Twenty patients with Lenke type 1 adolescent thoracic idiopathic scoliosis were treated with anterior spinal fusion and instrumentation. The mean preoperative Cobb angle of the thoracic curve was 53° ± 5.8. Pulmonary function tests (PFT) and radiographic evaluation was performed.
The mean postoperative correction in Cobb angle of the thoracic curve was 27° ± 8.2 (49%).

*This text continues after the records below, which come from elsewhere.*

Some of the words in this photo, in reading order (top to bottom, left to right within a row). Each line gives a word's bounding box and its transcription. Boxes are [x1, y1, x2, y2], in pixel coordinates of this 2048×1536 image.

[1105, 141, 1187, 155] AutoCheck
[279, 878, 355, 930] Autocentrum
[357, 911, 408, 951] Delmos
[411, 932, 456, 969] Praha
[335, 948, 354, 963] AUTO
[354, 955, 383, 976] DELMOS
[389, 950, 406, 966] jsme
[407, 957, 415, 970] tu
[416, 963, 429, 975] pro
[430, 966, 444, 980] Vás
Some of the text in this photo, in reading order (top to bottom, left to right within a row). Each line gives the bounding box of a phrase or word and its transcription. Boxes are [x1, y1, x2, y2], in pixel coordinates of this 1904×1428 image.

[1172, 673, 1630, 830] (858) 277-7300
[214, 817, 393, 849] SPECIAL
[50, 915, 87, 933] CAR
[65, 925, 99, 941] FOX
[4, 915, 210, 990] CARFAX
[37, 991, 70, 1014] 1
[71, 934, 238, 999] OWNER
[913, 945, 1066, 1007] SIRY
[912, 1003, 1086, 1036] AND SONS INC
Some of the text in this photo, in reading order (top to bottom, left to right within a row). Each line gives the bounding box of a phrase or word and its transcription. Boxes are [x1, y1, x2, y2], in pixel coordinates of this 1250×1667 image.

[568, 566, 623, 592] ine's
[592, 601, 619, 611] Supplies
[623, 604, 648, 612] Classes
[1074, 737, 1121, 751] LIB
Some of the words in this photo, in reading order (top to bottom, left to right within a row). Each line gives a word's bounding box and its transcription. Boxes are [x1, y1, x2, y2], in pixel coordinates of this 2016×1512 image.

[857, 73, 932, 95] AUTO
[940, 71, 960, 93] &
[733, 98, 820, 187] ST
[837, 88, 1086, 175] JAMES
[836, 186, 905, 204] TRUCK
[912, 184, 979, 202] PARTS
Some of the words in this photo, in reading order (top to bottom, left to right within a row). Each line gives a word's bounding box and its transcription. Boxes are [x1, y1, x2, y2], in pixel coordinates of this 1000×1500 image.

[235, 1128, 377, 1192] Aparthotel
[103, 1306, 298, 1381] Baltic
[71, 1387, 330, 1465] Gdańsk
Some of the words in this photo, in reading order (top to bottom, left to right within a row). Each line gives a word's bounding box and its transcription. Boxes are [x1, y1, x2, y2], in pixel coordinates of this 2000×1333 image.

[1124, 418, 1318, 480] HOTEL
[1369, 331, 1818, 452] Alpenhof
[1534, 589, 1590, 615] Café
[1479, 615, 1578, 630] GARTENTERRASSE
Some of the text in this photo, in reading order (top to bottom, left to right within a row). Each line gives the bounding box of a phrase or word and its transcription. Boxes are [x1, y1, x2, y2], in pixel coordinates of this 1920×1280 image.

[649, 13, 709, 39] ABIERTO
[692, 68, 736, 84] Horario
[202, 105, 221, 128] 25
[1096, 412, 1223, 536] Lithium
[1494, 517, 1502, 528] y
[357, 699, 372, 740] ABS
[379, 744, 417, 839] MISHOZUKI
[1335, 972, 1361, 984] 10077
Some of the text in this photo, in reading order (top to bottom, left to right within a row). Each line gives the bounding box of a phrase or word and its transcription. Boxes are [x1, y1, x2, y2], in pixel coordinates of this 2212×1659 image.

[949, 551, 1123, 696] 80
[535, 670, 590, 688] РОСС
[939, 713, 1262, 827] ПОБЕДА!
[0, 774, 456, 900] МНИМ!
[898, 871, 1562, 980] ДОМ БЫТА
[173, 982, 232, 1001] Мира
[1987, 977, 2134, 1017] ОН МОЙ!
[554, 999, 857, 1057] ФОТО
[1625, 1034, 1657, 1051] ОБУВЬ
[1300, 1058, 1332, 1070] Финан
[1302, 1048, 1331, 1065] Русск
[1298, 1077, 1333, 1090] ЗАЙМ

The mean preoperative FEV1 was 2.81 ± 0.43 L, which increased to 3.14 ± 0.50 L at 2 years postoperatively (P = 0.000). The mean FEV1% did not change (89.60 ± 7.49% preoperatively, versus 90.53 ± 5.95% at 2 years follow-up, P = 0.467). The TLC increased from 4.62 ± 0.62 L preoperatively to 5.17 ± 0.63 L at 2 years follow-up (P = 0.000). The FEV1% at two years of follow-up improved to 104% of the FEV1% predicted value. The FEV1 improved to 97% of the FEV1 predicted value.
Anterior spinal fusion for idiopathic scoliosis by means of a minimal open thoracotomy proved to be a safe surgical technique that resulted in an improvement of pulmonary function. Our results are similar to those of thoracoscopic procedures reported in literature.